[PROVIDED DATA Boundary: Start]

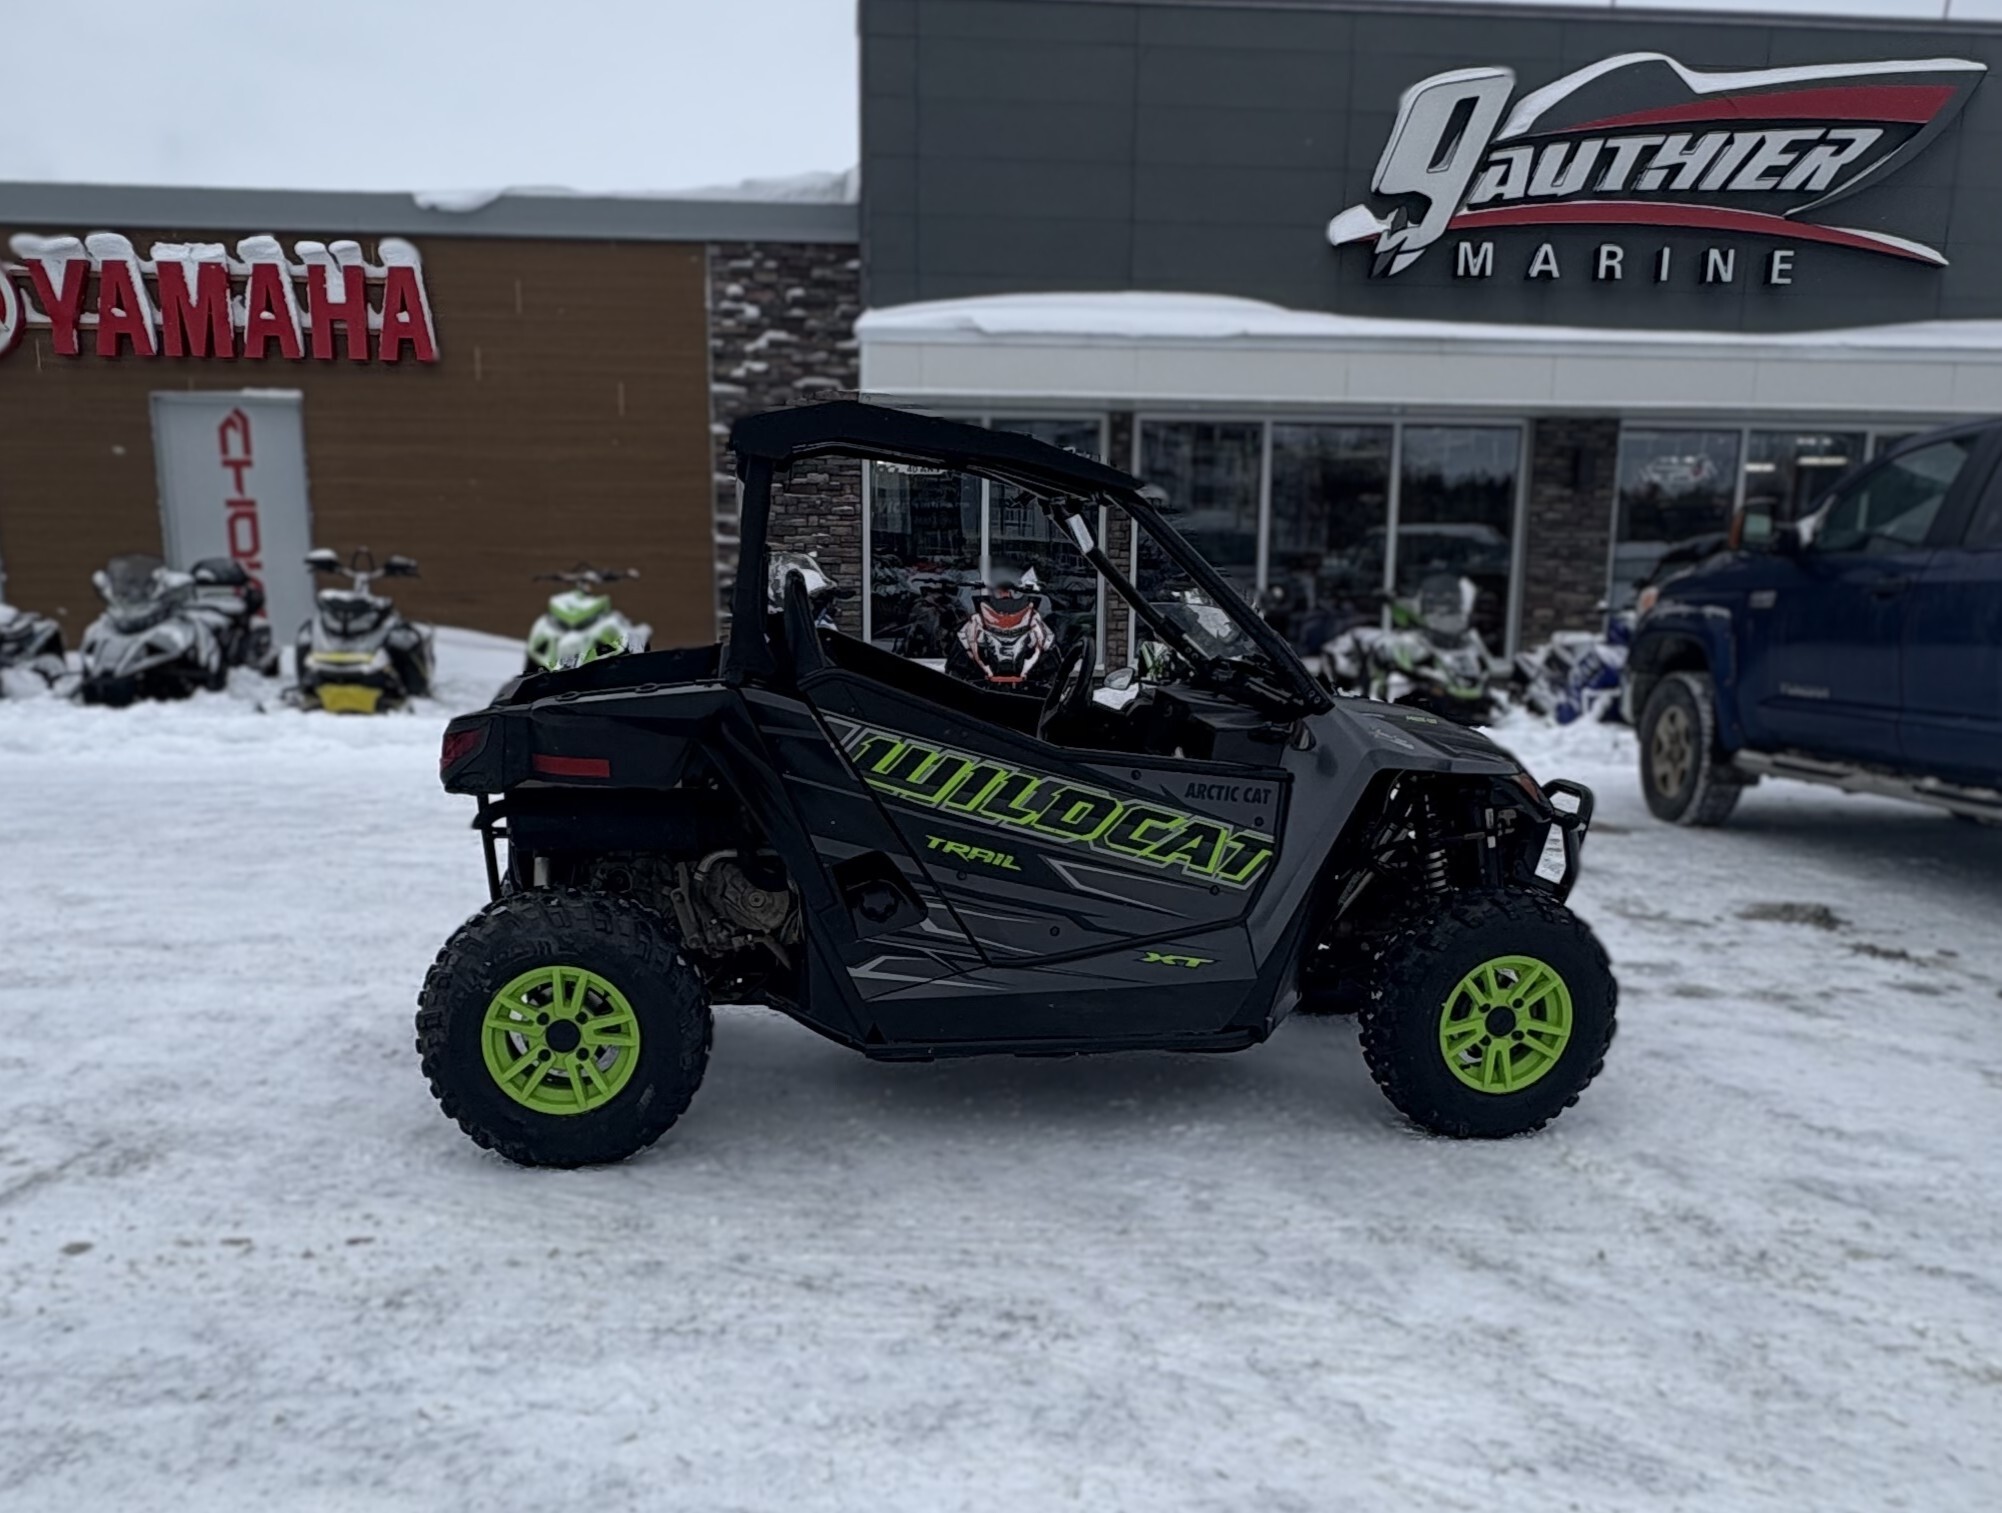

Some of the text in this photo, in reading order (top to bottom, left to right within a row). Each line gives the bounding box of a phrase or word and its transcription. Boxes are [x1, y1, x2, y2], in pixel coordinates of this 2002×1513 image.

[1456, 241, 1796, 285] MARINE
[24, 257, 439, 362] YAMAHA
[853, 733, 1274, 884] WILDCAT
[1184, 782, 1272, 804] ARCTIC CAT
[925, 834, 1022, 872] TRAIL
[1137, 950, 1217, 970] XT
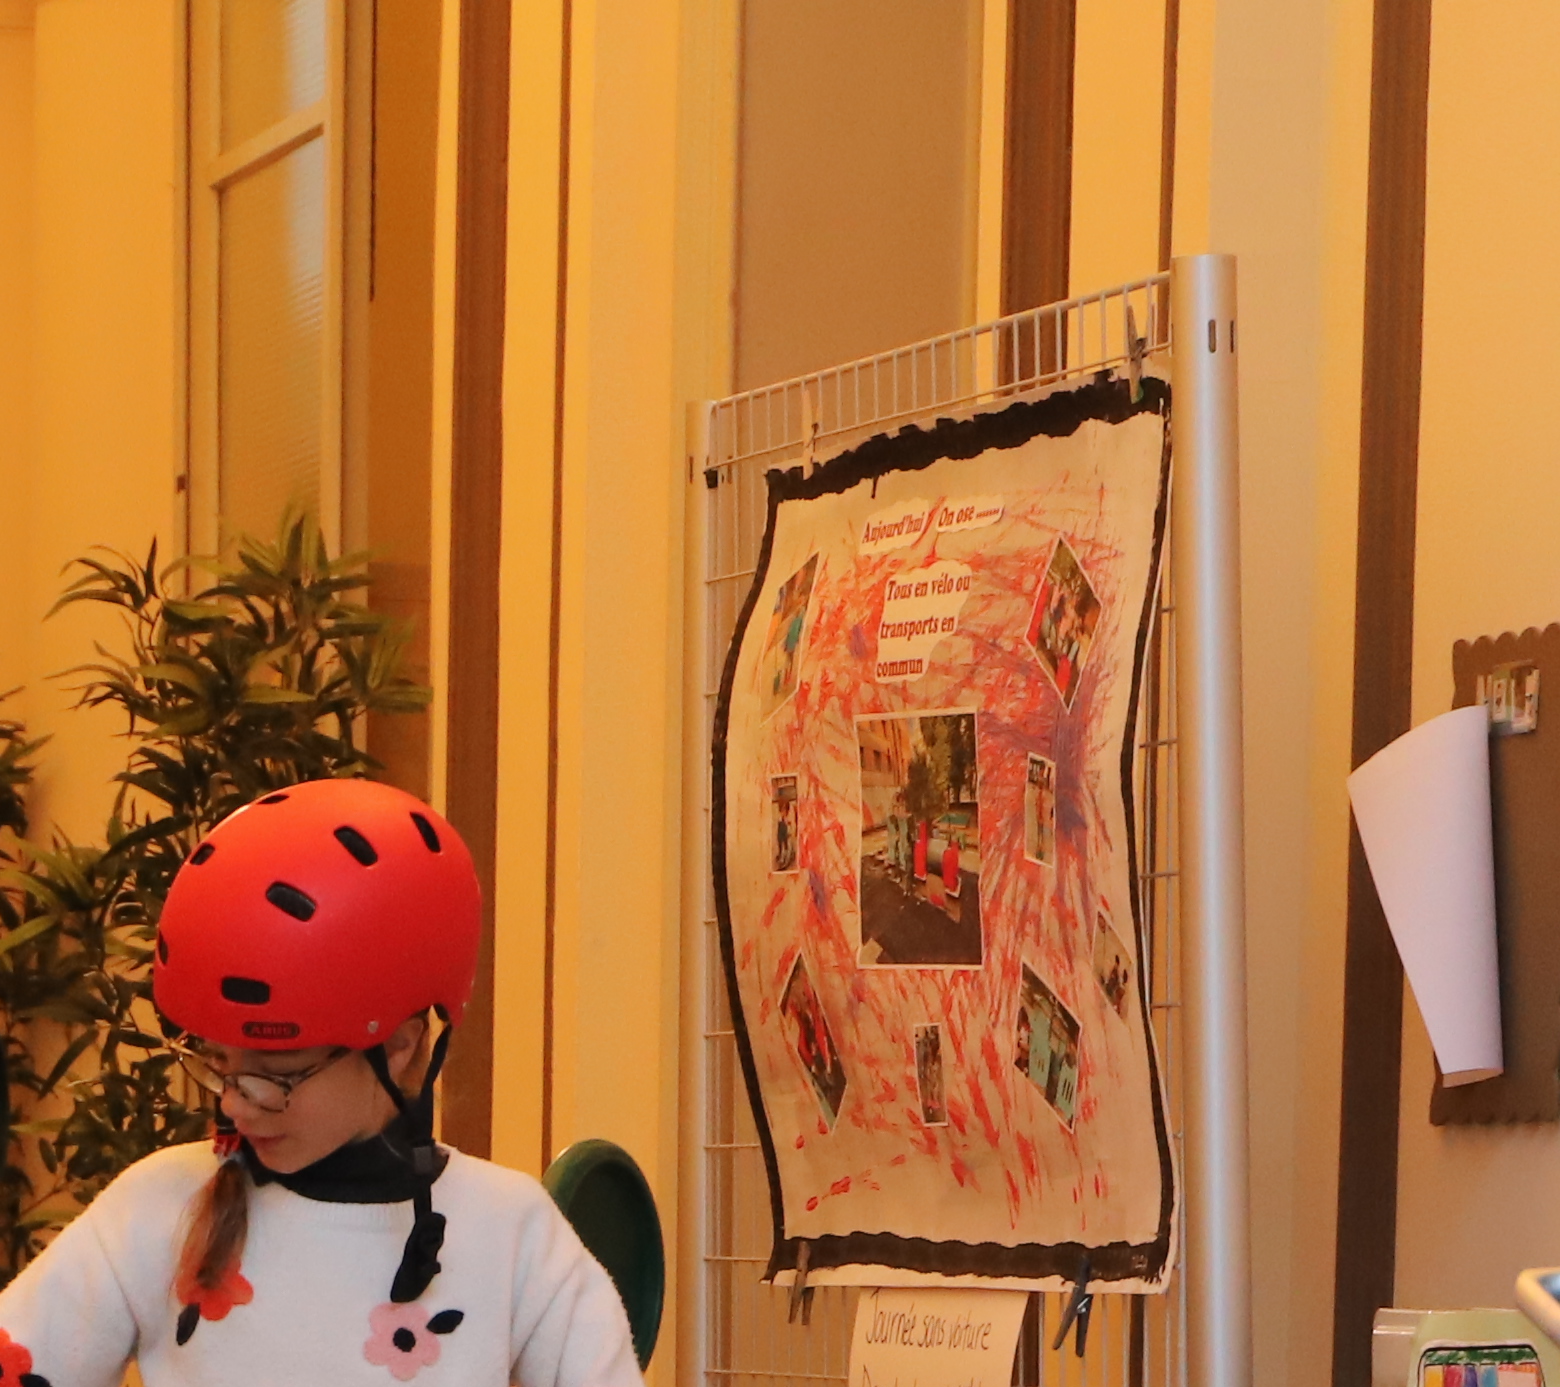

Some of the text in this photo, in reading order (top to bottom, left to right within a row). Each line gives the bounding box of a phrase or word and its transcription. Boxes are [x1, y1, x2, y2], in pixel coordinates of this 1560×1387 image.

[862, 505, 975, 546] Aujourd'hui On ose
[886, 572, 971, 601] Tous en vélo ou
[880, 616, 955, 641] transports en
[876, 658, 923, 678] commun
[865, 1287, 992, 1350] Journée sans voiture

[PROVIDED DATA Boundary: End]

## WORK ORDER
Return the lines from the one containing "this 1560×1387 image." through the last line of the records. Include both ends and nothing else.

## RESPONSE BELOW
Some of the text in this photo, in reading order (top to bottom, left to right within a row). Each line gives the bounding box of a phrase or word and its transcription. Boxes are [x1, y1, x2, y2], in pixel coordinates of this 1560×1387 image.

[862, 505, 975, 546] Aujourd'hui On ose
[886, 572, 971, 601] Tous en vélo ou
[880, 616, 955, 641] transports en
[876, 658, 923, 678] commun
[865, 1287, 992, 1350] Journée sans voiture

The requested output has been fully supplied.